ESMF 8.3.0
Overview
The 8.3.0 release of ESMF implements a number of incremental improvements and bug fixes across the library. Highlights of the 8.3.0 release are outlined in the following paragraphs. A detailed list of release notes is provided further down.
On the code management side, ESMF has aligned its tagging scheme with the standard convention used by many other packages on GitHub. Standard tags now start with the lowercase letter “v”, followed by the version triplet. For example, the tag for release 8.3.0 on the ESMF GitHub repository is “v8.3.0”. Beta snapshots leading to a future release have the same root, followed by the lowercase letter “b” and a two digit snapshot number. E.g. v8.3.0b17 was the last 8.3.0 beta snapshot tag before the official release tag.
ESMF uses a library called ParallelIO (PIO) for its internal I/O operations, such as reading in mesh files and writing out fields. During this release, the version of PIO used internally was upgraded from a very outdated 1.x version to version 2.5. A new option was also added to the ESMF build system to allow linking to an external build of the PIO library.
Built on top of the PIO upgrade, the ESMF_MeshCreate() method that reads a mesh from file was re-implemented. It now reads the mesh coordinate information in a fully distributed way. This reduces the memory footprint dramatically, allowing the creation of much larger meshes from file than before.
Further progress was made toward the full adoption of MOAB as the internal mesh representation in ESMF. The internal MOAB library, included with ESMF, was updated to version 5.3, and combinatorial testing was added to the ESMF testing framework to ensure consistency and backward compatibility between the native mesh implementation and the MOAB-based implementation. Several consistency issues were resolved as a result of the new testing. By default, ESMF 8.3.0 still uses the native mesh implementation internally. As in previous releases, users can enable the MOAB-based implementation at run-time by calling ESMF_MeshSetMOAB().
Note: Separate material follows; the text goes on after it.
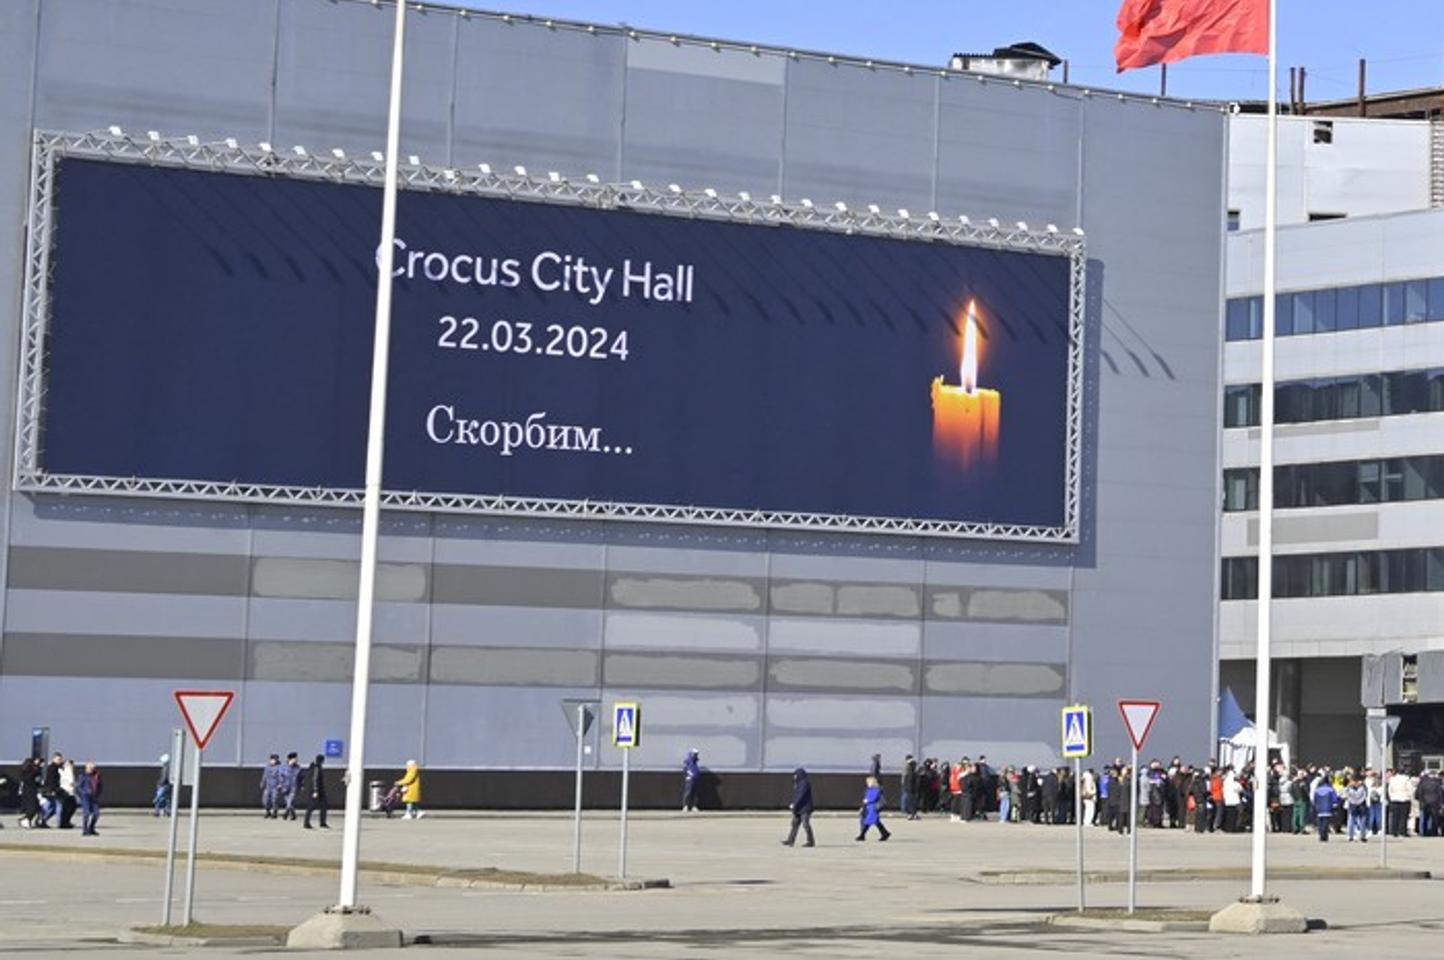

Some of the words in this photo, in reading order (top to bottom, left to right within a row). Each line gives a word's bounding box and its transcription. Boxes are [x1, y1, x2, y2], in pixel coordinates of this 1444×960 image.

Support for dynamically changing grid coordinates (e.g. storm following grids) was added to ESMF. The ESMF_GridCreate() method that creates a new Grid from an existing Grid with new DistGrid was extended to optionally return a RouteHandle object. The RouteHandle allows subsequent calls into the new ESMF_GridRedist() method to efficiently redistribute the coordinate values from the original source grid to the new destination grid. NUOPC_Connector support for handling changing grid coordinates is not available in this release but will be added in a future release.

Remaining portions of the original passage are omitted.